Atheists don’t like this argument, but it is correct. The simple fact is that when anyone starts making statements about the meaning of life, the existence of God, or whether there is life after death, they are making statements of faith. You can’t prove, either by rational argument or by scientific investigation, what life is all about. Whether you are Christian or atheist, you share the same problem. It’s essential that you appreciate that it’s not just Christians that make these statements as a matter of faith. And because they make these statements as a matter of faith, they are just as vulnerable to doubt as anyone else—Christians included. We’re all in the same situation.
Let’s explore this a little further, by looking at two important issues: atheist arguments for the non-existence of God, and so-called “scientific atheism,” which holds that science disproves God’s existence. Both, as we shall discover, are hopeless overstatements of the real situation.
Atheist arguments against the existence of God
Atheists often tell Christians that their faith is infantile. It’s just fine for the minds of impressionable young children, but laughable in the case of adults. We’ve grown up now, and need to move on. Why should we believe things that can’t be scientifically proved? Faith in God, many atheists argue, is just like believing in Santa Claus and the Tooth Fairy. When you grow up, you grow out of it. And if you don’t, then you are either mentally retarded or intellectually dishonest.
But this is just rhetoric—the attempt to discredit a belief by heaping ridicule upon in. In fact, it is this argument itself that is childish. If this simplistic argument has any plausibility, it requires a real analogy between God and Santa Claus to exist—which it clearly does not. There is no serious evidence that people regard God, Santa Claus and the Tooth Fairy as belonging to the same category. I stopped believing in Santa Claus and the Tooth Fairy when I was about six years old. After being an atheist for some years, I discovered God when I was eighteen, and have never regarded this as some kind of infantile regression. As I noticed while researching my book The Twilight of Atheism, a large number of people come to believe in God in later life—when they are “grown up.” I have yet to meet anyone who came to believe in Santa Claus or the Tooth Fairy late in life! So let’s leave this sort of nonsense behind, and look at a more serious argument, often advanced by atheists.

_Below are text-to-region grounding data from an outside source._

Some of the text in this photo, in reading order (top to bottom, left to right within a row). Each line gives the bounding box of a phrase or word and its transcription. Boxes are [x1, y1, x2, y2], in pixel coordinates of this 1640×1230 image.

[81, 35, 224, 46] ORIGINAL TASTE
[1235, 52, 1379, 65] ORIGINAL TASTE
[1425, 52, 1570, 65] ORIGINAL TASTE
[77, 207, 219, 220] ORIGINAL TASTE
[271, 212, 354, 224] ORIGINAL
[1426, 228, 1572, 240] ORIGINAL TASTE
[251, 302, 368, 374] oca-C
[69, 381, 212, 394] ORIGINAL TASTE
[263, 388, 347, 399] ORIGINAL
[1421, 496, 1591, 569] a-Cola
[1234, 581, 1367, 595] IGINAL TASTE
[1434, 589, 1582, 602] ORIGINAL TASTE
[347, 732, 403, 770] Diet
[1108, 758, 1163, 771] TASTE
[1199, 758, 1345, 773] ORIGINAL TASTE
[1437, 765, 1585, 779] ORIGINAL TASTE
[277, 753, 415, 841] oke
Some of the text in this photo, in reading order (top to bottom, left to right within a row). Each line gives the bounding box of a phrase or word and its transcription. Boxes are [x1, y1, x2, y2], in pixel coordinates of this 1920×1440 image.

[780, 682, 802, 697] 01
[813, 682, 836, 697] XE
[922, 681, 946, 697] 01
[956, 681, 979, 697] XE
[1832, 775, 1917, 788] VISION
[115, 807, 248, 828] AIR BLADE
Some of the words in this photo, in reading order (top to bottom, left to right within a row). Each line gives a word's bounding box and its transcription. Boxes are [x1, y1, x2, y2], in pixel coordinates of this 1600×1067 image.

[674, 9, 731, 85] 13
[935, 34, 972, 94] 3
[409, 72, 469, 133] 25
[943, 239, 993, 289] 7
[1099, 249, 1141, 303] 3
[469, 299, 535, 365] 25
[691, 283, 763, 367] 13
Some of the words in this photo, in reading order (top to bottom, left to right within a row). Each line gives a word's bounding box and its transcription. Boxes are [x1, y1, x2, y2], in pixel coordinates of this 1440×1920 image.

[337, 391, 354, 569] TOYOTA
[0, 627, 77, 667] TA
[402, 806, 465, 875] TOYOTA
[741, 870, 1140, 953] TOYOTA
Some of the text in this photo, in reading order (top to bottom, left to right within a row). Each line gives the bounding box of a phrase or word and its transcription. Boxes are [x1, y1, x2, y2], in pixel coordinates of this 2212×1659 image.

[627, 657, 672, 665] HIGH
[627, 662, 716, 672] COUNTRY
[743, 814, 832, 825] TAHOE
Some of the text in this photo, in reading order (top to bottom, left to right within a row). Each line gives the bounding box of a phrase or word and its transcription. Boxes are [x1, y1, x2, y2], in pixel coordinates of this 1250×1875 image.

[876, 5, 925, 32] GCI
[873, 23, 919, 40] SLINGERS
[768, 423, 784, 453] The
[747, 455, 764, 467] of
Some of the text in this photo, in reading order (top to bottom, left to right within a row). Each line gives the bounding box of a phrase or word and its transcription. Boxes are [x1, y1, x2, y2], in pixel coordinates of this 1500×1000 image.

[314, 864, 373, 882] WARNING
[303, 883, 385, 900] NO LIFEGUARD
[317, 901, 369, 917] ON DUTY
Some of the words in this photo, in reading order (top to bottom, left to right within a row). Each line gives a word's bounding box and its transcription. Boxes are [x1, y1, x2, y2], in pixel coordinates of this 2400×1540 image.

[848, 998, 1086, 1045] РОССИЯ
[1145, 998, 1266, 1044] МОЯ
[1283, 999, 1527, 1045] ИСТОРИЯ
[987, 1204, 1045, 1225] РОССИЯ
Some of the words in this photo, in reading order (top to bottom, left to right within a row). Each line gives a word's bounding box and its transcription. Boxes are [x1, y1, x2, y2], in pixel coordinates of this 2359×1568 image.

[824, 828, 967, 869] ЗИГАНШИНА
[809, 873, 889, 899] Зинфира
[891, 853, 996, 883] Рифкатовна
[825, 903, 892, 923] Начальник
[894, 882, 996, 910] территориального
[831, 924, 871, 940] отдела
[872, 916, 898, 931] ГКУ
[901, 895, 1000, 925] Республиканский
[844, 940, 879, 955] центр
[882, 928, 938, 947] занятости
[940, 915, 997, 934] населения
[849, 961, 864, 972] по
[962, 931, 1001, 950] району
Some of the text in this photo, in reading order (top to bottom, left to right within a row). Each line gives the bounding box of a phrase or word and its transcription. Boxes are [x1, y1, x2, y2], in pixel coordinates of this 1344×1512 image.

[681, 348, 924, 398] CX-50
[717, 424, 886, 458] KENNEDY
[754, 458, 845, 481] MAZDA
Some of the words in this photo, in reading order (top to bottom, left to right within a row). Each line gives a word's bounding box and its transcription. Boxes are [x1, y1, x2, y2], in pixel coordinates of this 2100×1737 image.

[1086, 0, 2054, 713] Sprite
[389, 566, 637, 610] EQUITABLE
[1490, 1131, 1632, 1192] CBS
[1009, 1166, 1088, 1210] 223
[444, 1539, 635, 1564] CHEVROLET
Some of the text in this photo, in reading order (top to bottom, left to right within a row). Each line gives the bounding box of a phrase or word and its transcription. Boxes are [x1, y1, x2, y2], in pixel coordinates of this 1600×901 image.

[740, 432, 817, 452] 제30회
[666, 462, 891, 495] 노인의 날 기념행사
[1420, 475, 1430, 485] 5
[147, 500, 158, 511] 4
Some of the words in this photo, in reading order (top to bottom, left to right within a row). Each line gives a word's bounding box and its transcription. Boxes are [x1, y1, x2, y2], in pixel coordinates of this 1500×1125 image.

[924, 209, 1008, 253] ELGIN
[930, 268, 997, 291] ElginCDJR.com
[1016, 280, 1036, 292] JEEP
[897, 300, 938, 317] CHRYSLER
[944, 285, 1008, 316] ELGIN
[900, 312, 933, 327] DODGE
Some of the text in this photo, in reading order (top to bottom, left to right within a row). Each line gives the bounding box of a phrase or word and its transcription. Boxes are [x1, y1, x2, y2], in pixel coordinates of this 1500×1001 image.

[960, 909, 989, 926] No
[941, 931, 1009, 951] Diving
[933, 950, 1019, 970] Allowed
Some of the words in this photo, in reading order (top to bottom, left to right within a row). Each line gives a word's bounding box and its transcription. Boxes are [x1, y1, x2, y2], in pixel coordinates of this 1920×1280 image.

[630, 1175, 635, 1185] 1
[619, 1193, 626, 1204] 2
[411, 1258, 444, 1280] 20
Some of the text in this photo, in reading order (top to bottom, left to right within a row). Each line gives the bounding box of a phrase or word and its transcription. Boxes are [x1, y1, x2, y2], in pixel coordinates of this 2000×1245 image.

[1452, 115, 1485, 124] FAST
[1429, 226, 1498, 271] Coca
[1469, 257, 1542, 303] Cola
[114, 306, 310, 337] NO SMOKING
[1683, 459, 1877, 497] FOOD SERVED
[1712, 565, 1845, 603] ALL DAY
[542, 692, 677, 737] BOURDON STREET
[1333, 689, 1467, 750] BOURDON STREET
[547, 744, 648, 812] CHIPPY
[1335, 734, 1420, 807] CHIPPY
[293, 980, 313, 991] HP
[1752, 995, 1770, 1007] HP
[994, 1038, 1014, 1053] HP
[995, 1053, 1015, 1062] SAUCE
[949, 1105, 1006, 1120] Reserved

The most sophisticated atheist arguments against God date from the nineteenth and early twentieth centuries, and are found in the writings of Ludwig Feuerbach, Karl Marx, and Sigmund Freud. Although they are slightly different, there is a common structure to each. Here it is, set out step by step.
1. There is no God.
2. But some people believe in God.
3. Since there is no God, this must be the result of some kind of delusion or wishful thinking.
4. People believe in God because they want to. Their faith is just a wish-fulfilment.
5. So faith in God is just a human invention, corresponding to a human need. (Atheists differ over how this need arises: Marx puts it down to social alienation and Freud to psychological forces).
Atheists regularly use these arguments against Christians, as I have found out in university debates. Their faith often rests heavily on this kind of argument. But let’s look at this argument in more detail. On closer examination, it turns out to be as full of holes as Swiss cheese. There are three major points that need to be made.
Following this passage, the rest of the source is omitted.